[[ Supplied records, beginning ]]
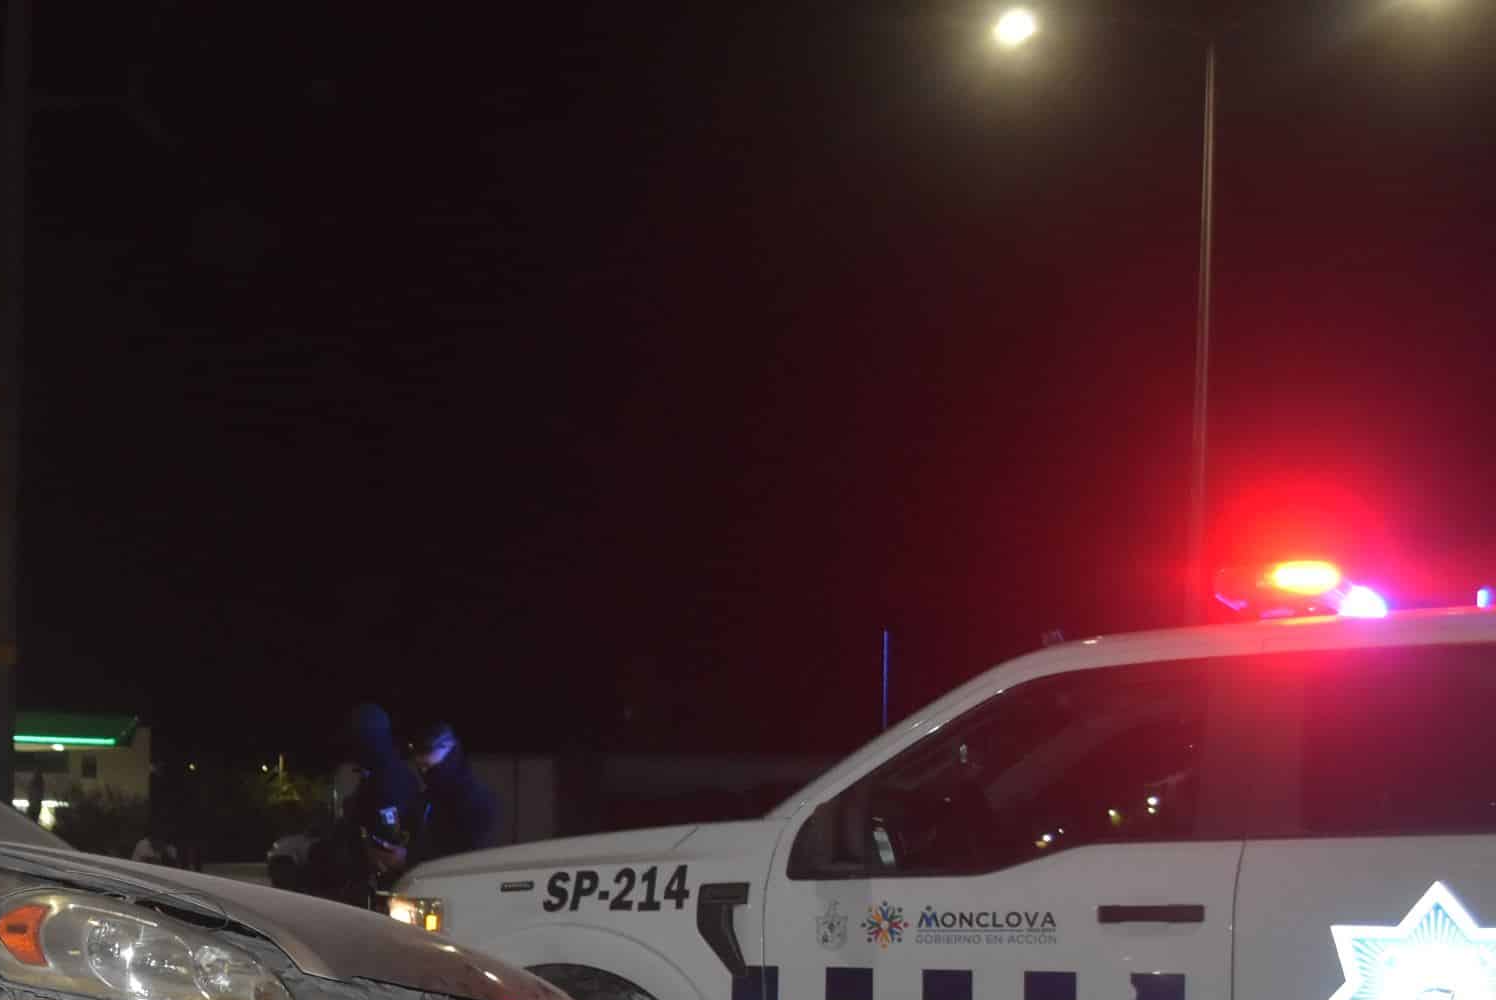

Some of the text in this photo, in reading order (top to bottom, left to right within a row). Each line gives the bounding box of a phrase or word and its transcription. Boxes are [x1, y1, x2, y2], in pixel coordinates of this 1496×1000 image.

[543, 864, 690, 912] SP-214
[917, 905, 1057, 928] MONCLOVA
[915, 934, 981, 945] GOBIERNO
[985, 934, 1003, 945] EN
[[ Supplied records, end ]]
> **Your assignment**
Reproduce the material above in full, exactly, with no images.

> **Result of the task**
Some of the text in this photo, in reading order (top to bottom, left to right within a row). Each line gives the bounding box of a phrase or word and its transcription. Boxes are [x1, y1, x2, y2], in pixel coordinates of this 1496×1000 image.

[543, 864, 690, 912] SP-214
[917, 905, 1057, 928] MONCLOVA
[915, 934, 981, 945] GOBIERNO
[985, 934, 1003, 945] EN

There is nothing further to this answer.